Of course the increase in interracial relationships, and changing attitudes about them, has also resulted in an increase in multiracial families. According to Fitzgerald, “Multiracial families occupy a unique place in our racialized society, as they are forced to think about contradictions and complexities surrounding race in ways monoracial families are not.” (Fitzgerald, 2017, pp. 427 - 428) Multiracial families deal with issues such as the assumption they are not related while in public, rebound racism, and the same discrimination in the housing market as families of color face.
This leads to the conversation relating to biracial/multiracial identities – how individuals of two or more races identify themselves and those implications in modern American society. The 2000 United States Census gave individuals the ability to check more than one racial category for the first time. The 2010 U.S. Census reported 3 percent of the population, or about nine million people, as identifying with more than one race. Many recognize, however, that identifying with more than one race does nothing to upset the social order, as adding new nonwhite categories does not challenge the racial hierarchy or the processes of white privilege. It does, however, challenge the ideas of race as fixed and biological.

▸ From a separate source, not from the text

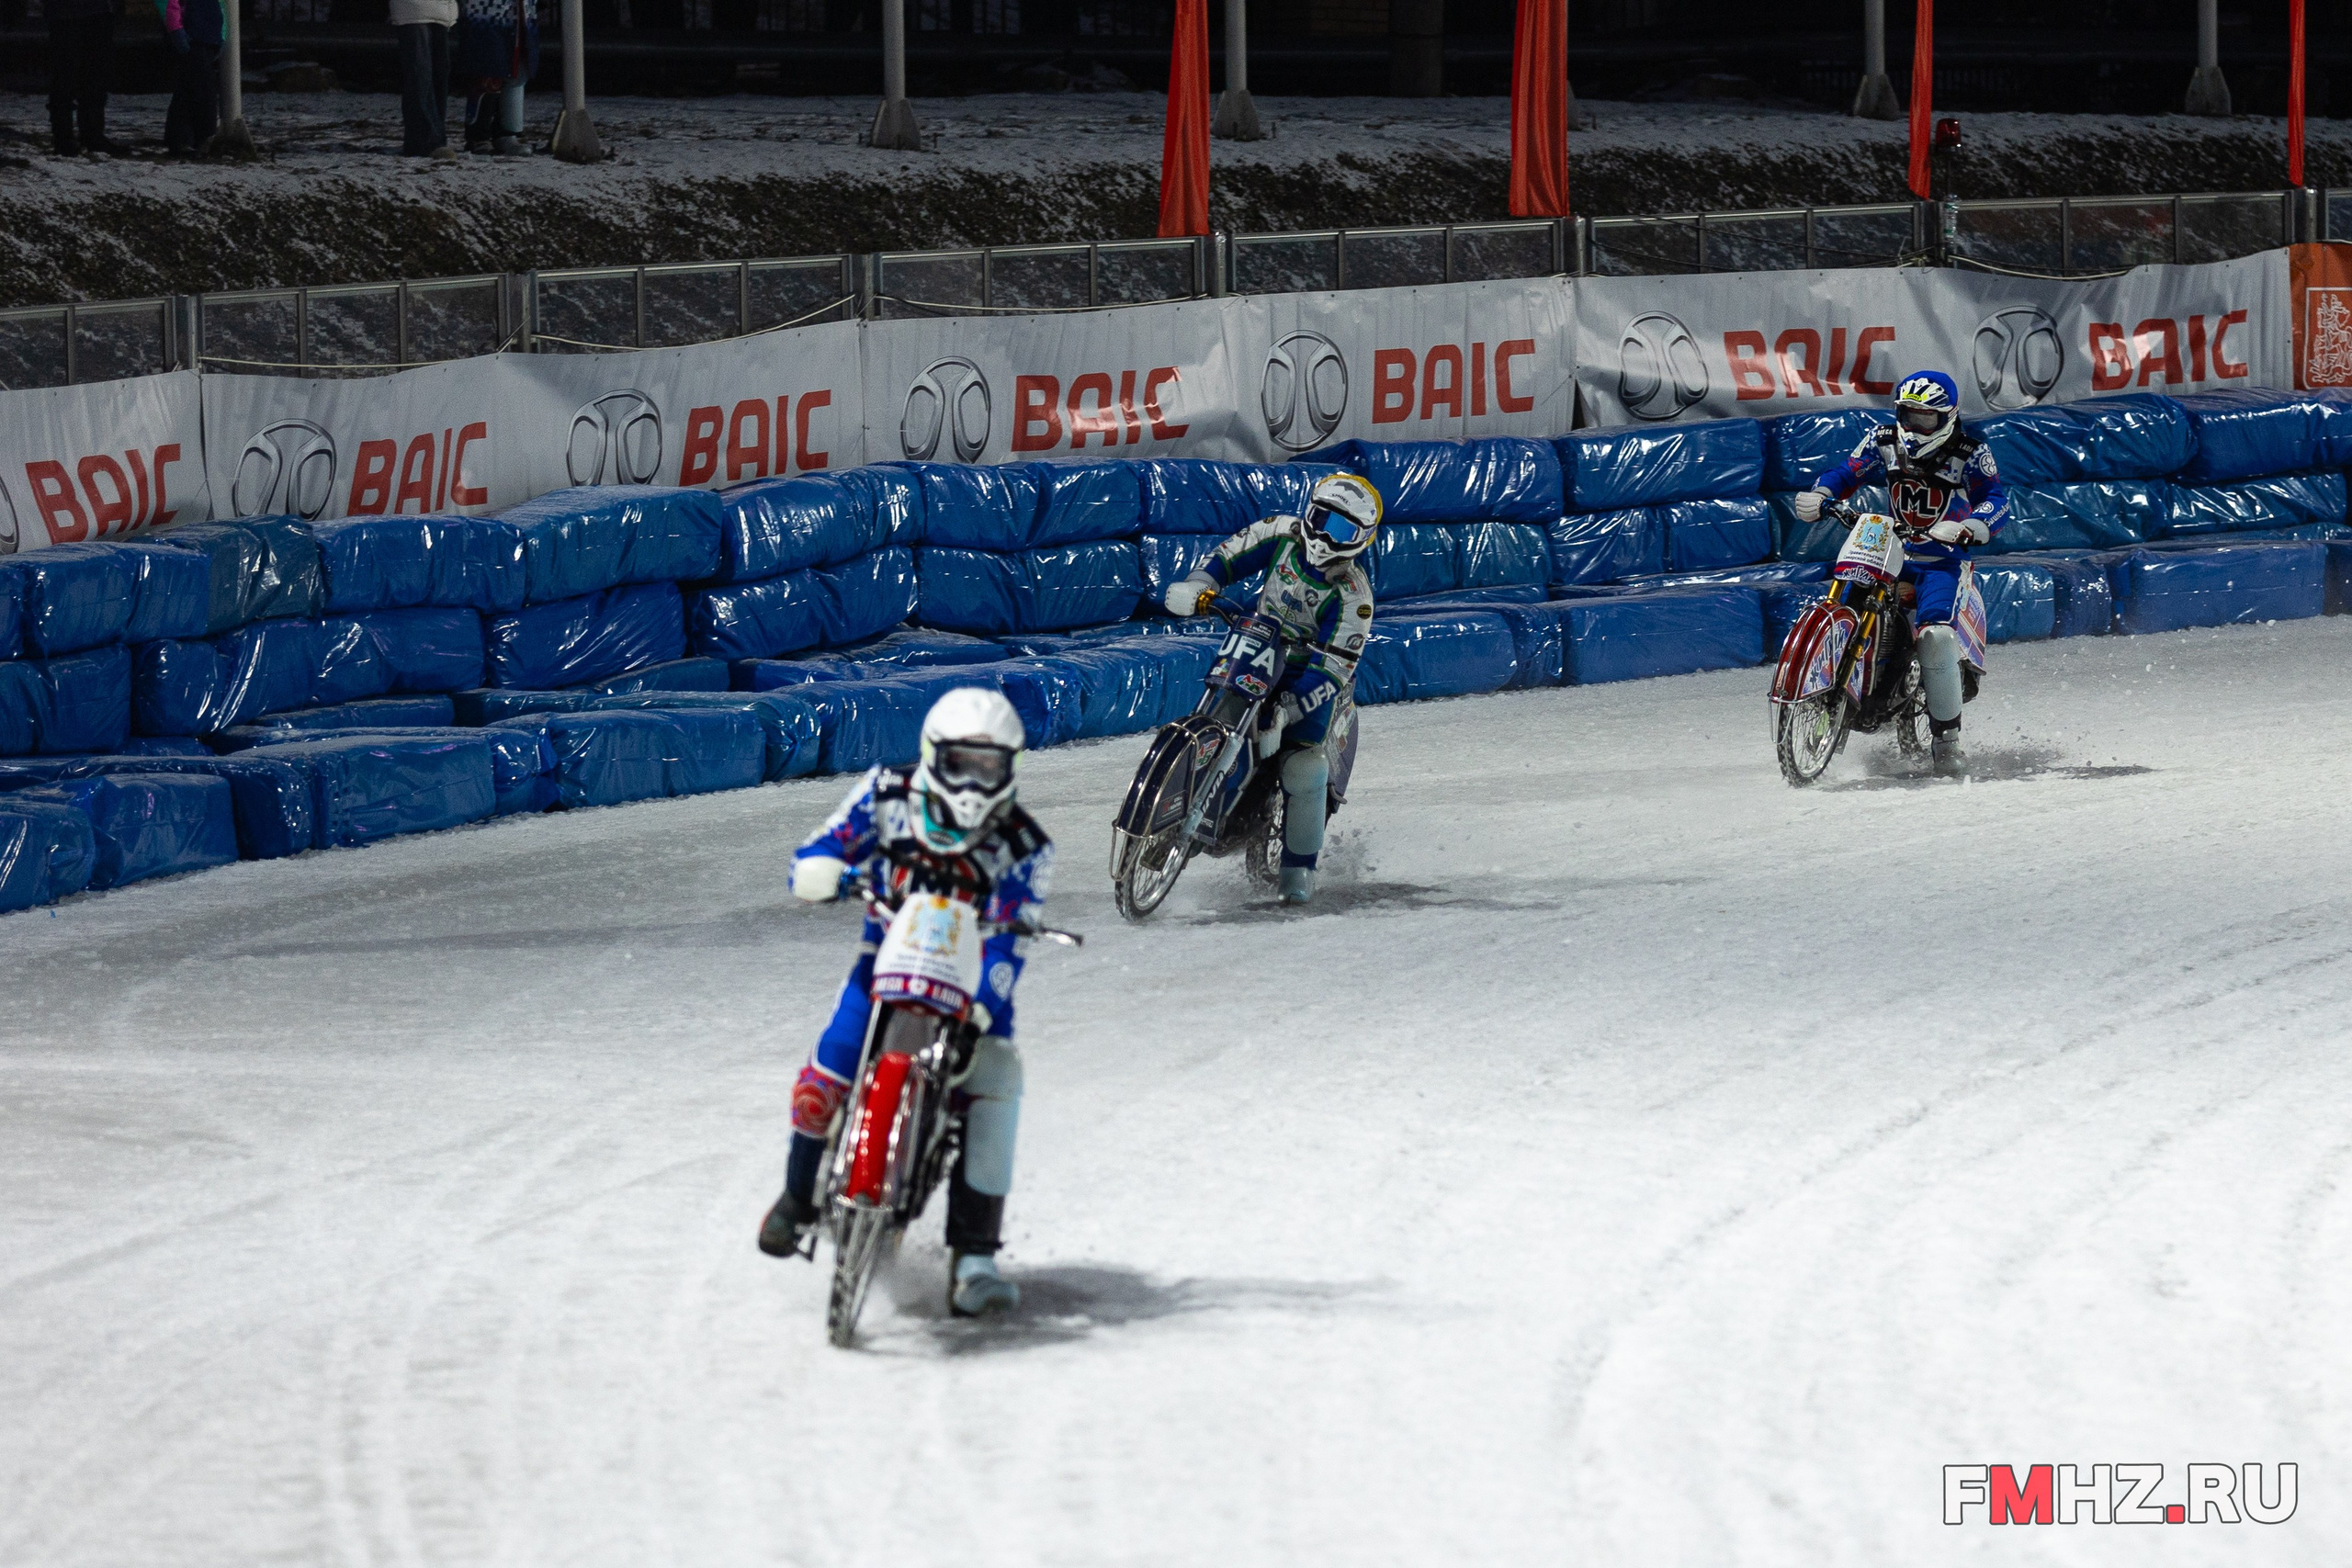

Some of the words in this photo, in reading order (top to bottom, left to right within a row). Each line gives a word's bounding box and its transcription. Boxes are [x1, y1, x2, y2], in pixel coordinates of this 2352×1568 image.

Another intimate relationship that has long been scrutinized and deemed immoral is gay and lesbian marriages. They are also routinely discriminated against for their same-sex relationship, and that certainly doesn’t change when they look to start a family within that relationship, including seeking marriage licenses and wedding services, and when they seek to expand their family through adoption. People often use religion as a reason for their opposition to gay marriage, just as they did for interracial marriages. They also oppose same-sex couples who are looking to adopt children, by stating that their relationship is not a good home environment on children and that it will have negative impacts on their development. Gay marriage was fairly recently legalized and still faces uncertainty to this day. Politicians continue to reference gay marriage as a downfall of our society and are consistently asserting that businesses should not have to accommodate gay couples who are wishing to get married if they find it goes against their morals.
Despite the progress that has been made, challenges facing individuals that identify as multiracial, interracial relationships and families, same-sex couples and more still persist today. Despite what some may argue, we are yet to exist in a postracial society.
Bibliography
(2017). Chapter 11: Arenas of Racial Integration: Interracial Relationships, Multiracial Families, Biracial/Multiracial Identities, Sports and the Military. In K. Fitzgerald, Recognizing Race and Ethnicity: Power, Privilege, and Inequality. Boulder: Westview Press.